Another sudden stylistic shift redefined Him as a jazz-rock combo. Rob Mazurek's cornet plays the ghost of Miles Davis on Sworn Eyes (Perishable, 1999), an album that also features guitarist Jeff Parker and bassist Bundy Brown. The combo pens elegant and nostalgic compositions that flow like streams of consciousness. A Verdict Of Science is a 20-minute journey through dreamy and exotic landscapes, the trumpet mirroring Jon Hassell's quest for the "fourth world" and the xylophone evoking Indonesian jungles. Scharin's electronic manipulations create expanses of psychedelic ambience from which all instruments have been removed, leaving only shapeless traces of sound and rhythm.
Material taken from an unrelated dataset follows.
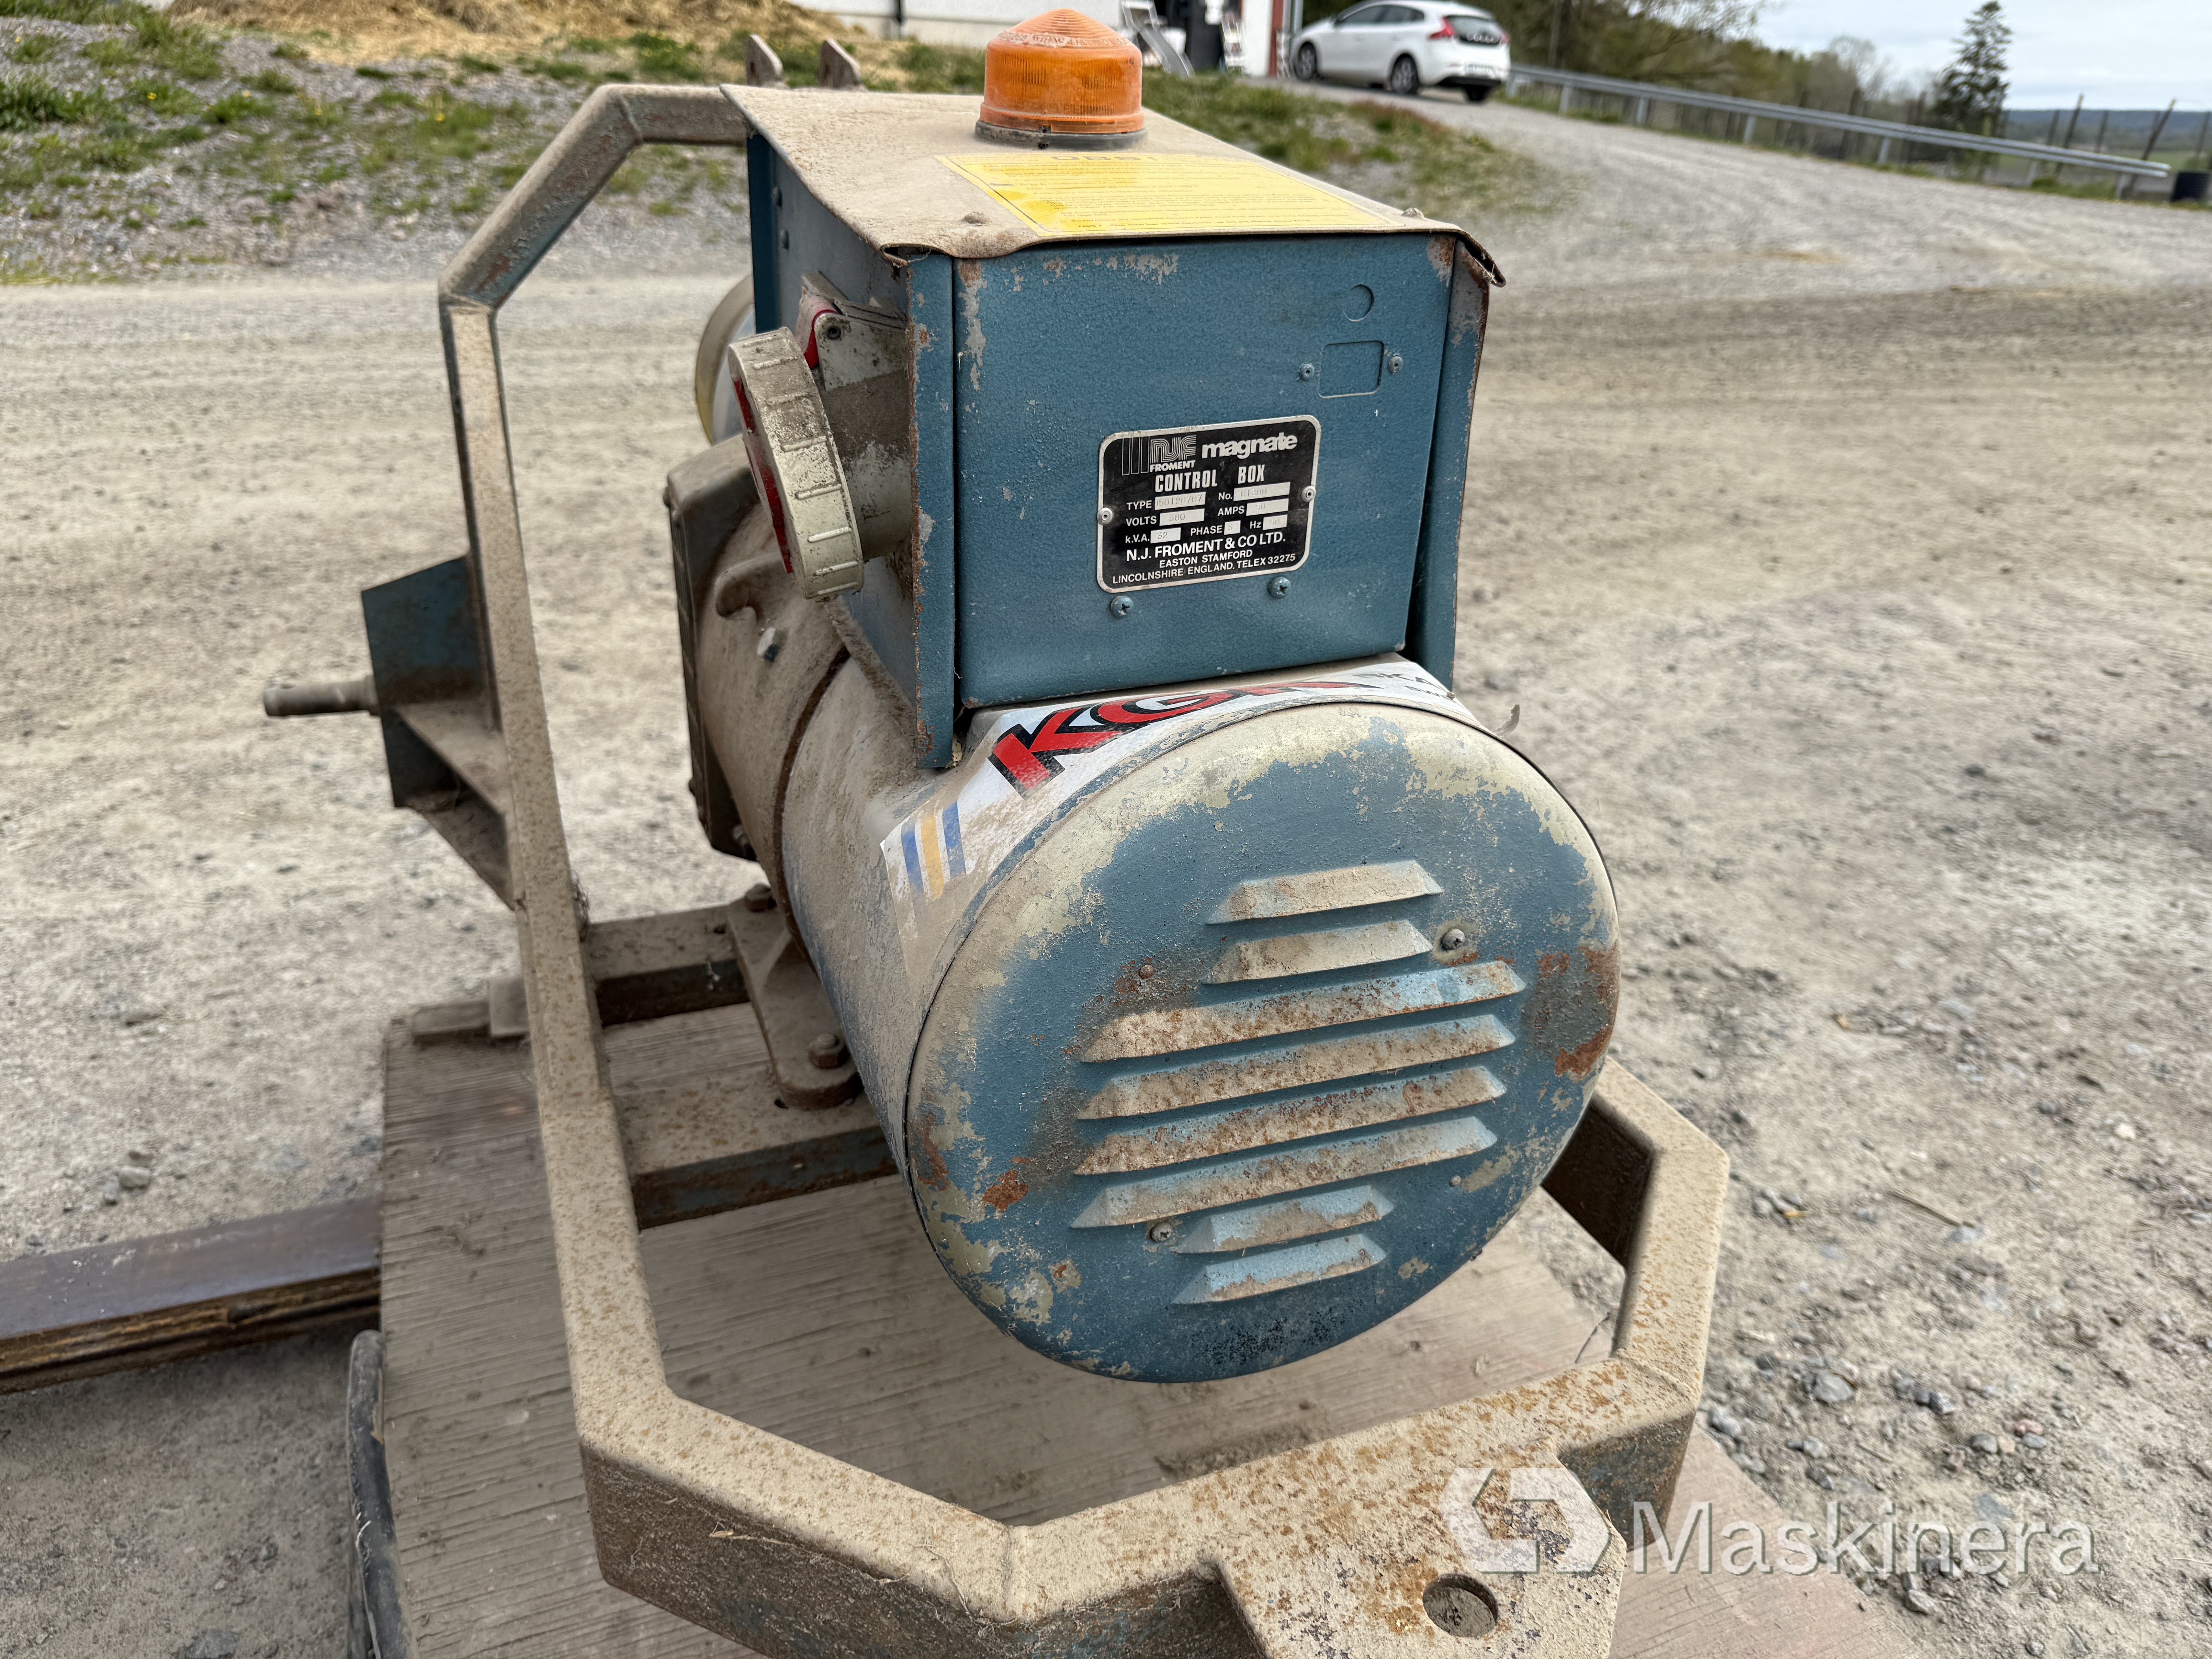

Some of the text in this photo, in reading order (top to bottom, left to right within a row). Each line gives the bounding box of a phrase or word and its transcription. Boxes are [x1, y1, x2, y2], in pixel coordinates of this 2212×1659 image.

Of The Periphery boasts a charming, exotic theme that the trumpet and the guitar bounce back and forth over a bed of tablas. A violin
picks it up amid the growing "gamelan" of the tablas and the dub-tinged backwater of the drums.
Scorn Nothing (ten minutes) balances frantic scratching and a soaring trumpet melody, and the effect is akin to watching a kite fly in a storm.
Occasionally, the ensemble gets caught in its own net of excessive talent, as in the self-indulgent doodling of Sworn Eyes.
But, then, some music is the equivalent of a lesson on composition. The sinister, dub-drenched clockwork of Trace Elements captures how This Heat would sound in the modern world.
Him's music is now almost baroque. Compositions have endured exhausting studio manipulations but still retain an emotional charge and plenty of magic.